Top of Entries shown

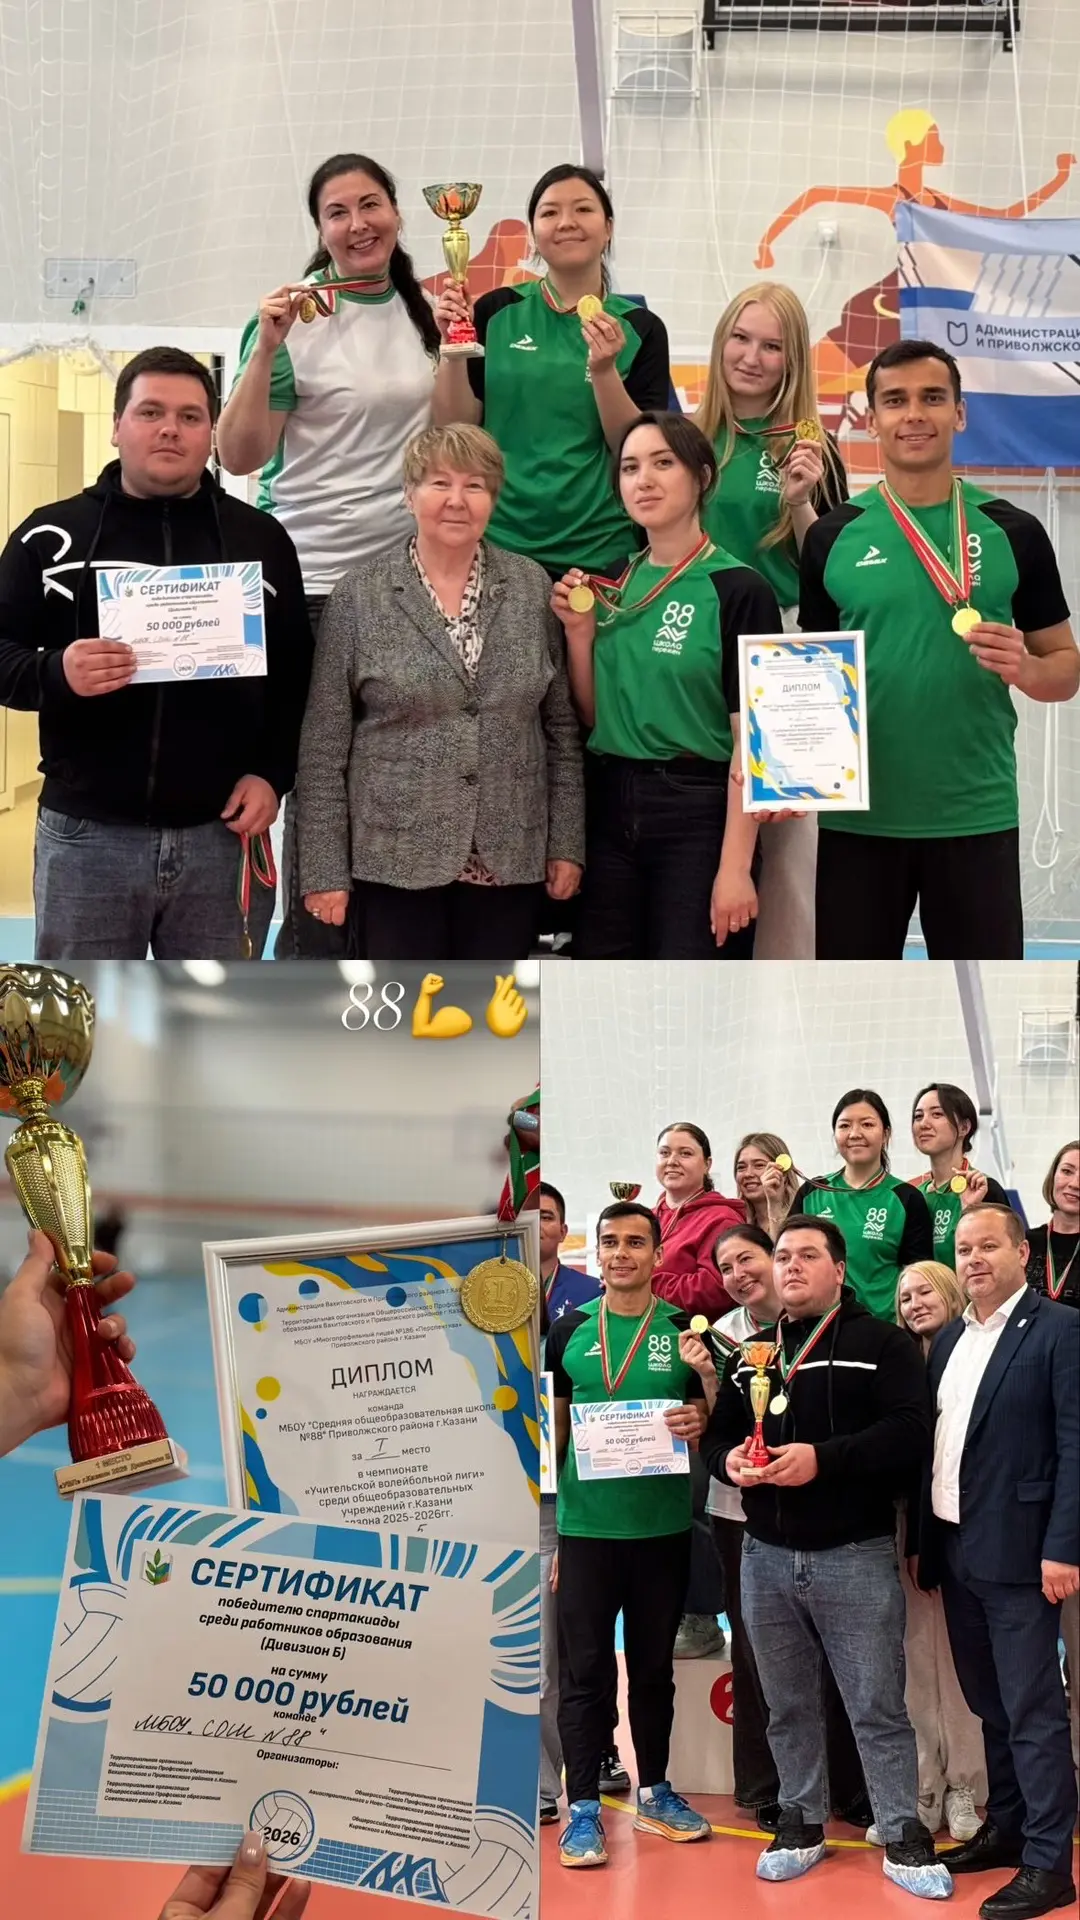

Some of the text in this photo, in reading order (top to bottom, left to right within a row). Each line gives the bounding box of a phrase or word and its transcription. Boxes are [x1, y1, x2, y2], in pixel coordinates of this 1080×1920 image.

[976, 338, 1080, 352] И ПРИВОЛЖСКО
[140, 581, 221, 596] СЕРТИФИКАТ
[662, 601, 695, 627] 88
[146, 617, 220, 631] 50 000 рублей
[782, 683, 821, 693] ДИПЛОМ
[866, 1207, 887, 1223] 88
[935, 1209, 951, 1226] 88
[276, 1302, 324, 1312] Администрация
[325, 1298, 367, 1308] Вахитовского
[281, 1315, 335, 1326] Территориальная
[336, 1311, 375, 1320] организация
[282, 1323, 322, 1333] образования
[323, 1319, 365, 1328] Вахитовского
[294, 1337, 311, 1345] МБОУ
[376, 1329, 394, 1337] лицей
[331, 1338, 375, 1348] Приволжского
[376, 1336, 398, 1344] района
[648, 1335, 671, 1352] 88
[331, 1358, 434, 1390] ДИПЛОМ
[353, 1385, 417, 1399] НАГРАЖДАЕТСЯ
[368, 1403, 404, 1413] команда
[279, 1422, 305, 1433] МБОУ
[354, 1406, 464, 1425] общеобразовательная
[465, 1402, 497, 1413] школа
[600, 1411, 654, 1422] СЕРТИФИКАТ
[329, 1424, 398, 1439] Приволжского
[399, 1420, 434, 1432] района
[436, 1415, 478, 1428] г.Казани
[616, 1437, 630, 1445] 000
[351, 1453, 362, 1461] за
[401, 1446, 431, 1456] место
[357, 1463, 429, 1479] в чемпионате
[304, 1470, 485, 1495] «Учительской волейбольной лиги»
[319, 1483, 474, 1508] среди общеобразовательных
[341, 1497, 453, 1518] учреждений г.Казани
[190, 1558, 429, 1612] СЕРТИФИКАТ
[217, 1596, 400, 1629] победителю спартакиады
[199, 1612, 412, 1650] среди работников образования
[260, 1636, 346, 1660] (Дивизион Б)
[270, 1664, 327, 1683] на сумму
[187, 1671, 410, 1724] 50 000 рублей
[273, 1708, 317, 1724] команде
[108, 1761, 157, 1771] Общероссийского
[110, 1754, 158, 1763] Территориальная
[256, 1748, 339, 1769] Организаторы:
[354, 1789, 403, 1803] Общероссийского
[388, 1787, 437, 1801] Территориальная
[351, 1815, 401, 1829] Общероссийского
[385, 1814, 434, 1828] Территориальная
[263, 1826, 301, 1846] 2026

Bottom of Entries shown

Among the lines of the preceding data, which ones hold the word "Общероссийского"? List them.

### [Your response]
[108, 1761, 157, 1771] Общероссийского
[354, 1789, 403, 1803] Общероссийского
[351, 1815, 401, 1829] Общероссийского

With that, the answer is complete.